Translations from the Greek which are given in some translations as omnipotent really don't have the meaning of omnipotent that we sometimes ascribe to the gods, since the Greeks didn't have the concept of gods or beings who were truly omnipotent.
But basically, I frankly find making any definitive statements about the nature of God, limits or non-limits on his power or lack thereof, statements such as no harm being able to come to him, to be of little use because our minds are simply incapable of true and complete understanding of the nature of God.
Jon_B wrote:
Everyman wrote:
It's hard for me to see how a God which speaks and interacts with humans on such close terms -- who tells Noah, for example, not only to build an ark but what size to make it -- as outside the spectrum of, or radically separated from, the world.

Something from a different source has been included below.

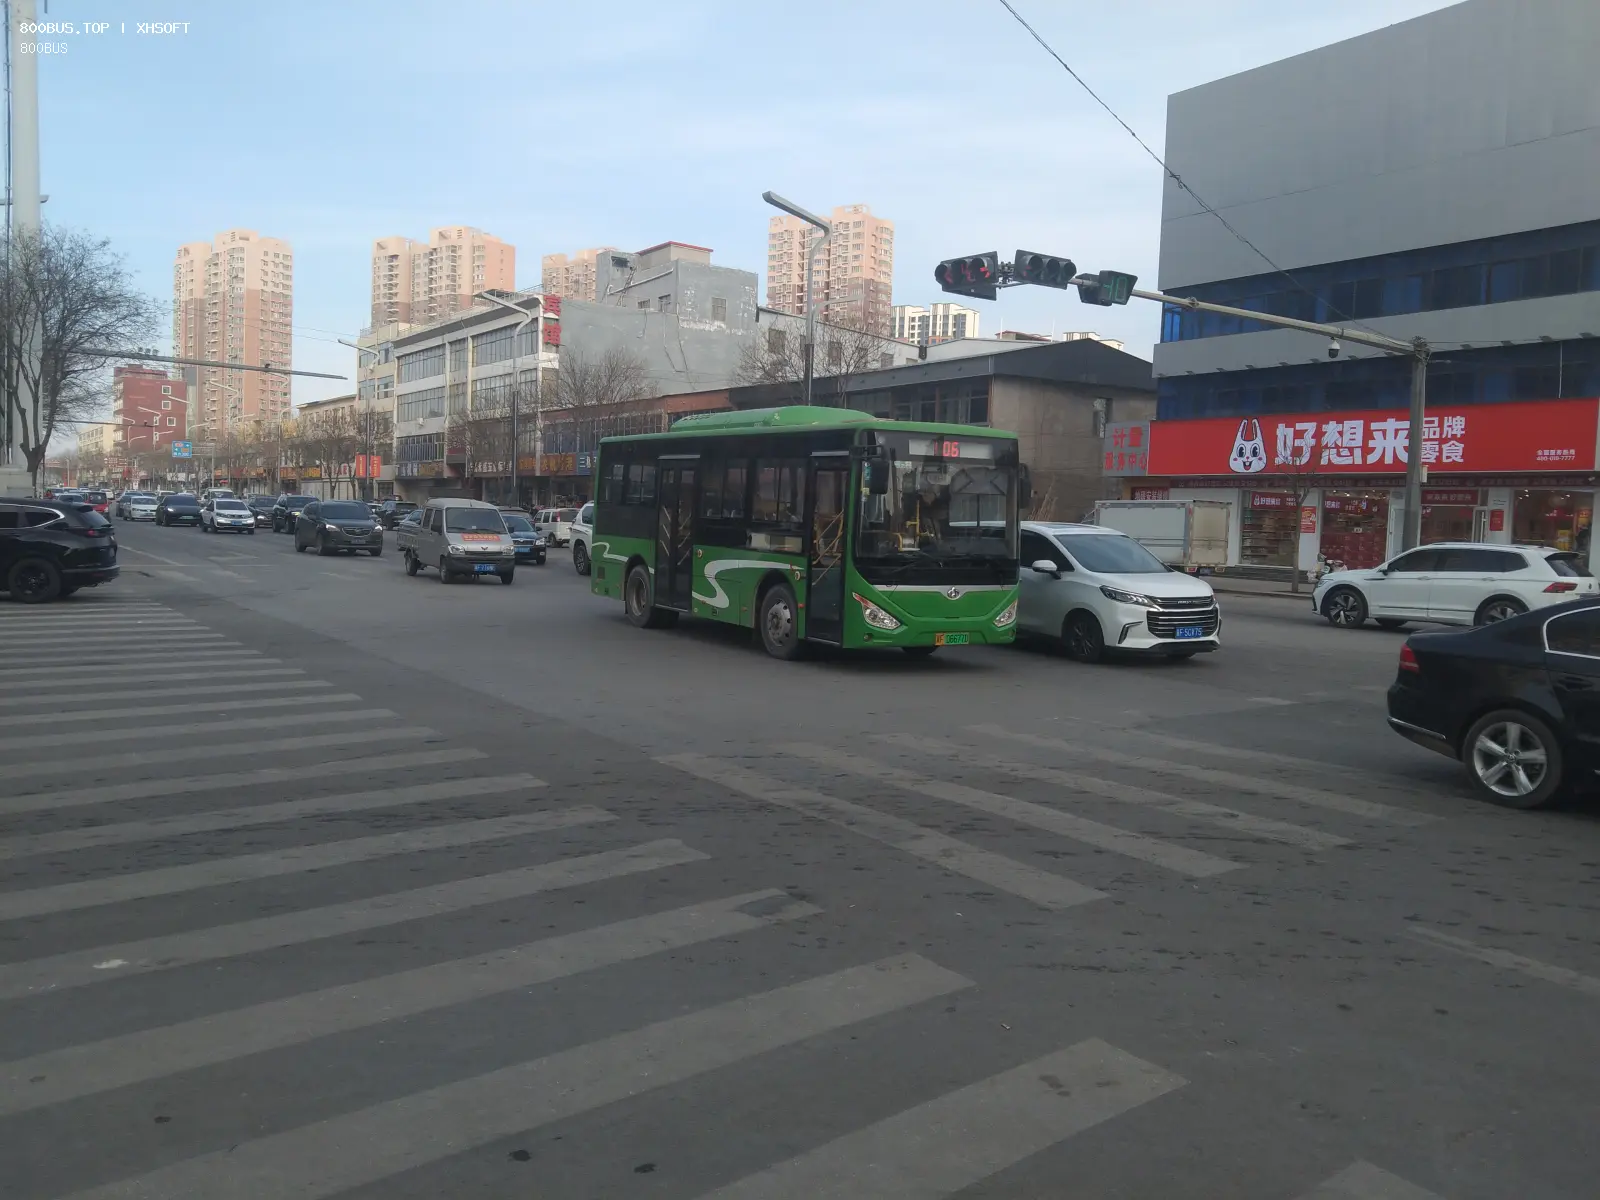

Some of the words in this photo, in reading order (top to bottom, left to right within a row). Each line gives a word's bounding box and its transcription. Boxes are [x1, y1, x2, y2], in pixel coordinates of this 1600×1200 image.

Here's my take on it - God interacts with humans and communicates with them, but this occurs in the sense of "intervention" of a force that is not susceptible to the whims and chaos of the universe (because He is the universe). God can make things happen, but things don't happen to God. Whereas with the Greek gods, things could happen to them, they could suffer at the hands of other gods or of the universe or even of humans (and I mean "suffer" in the sense of be affected by, lose control to). It's not a complete seperation, but it's a seperation.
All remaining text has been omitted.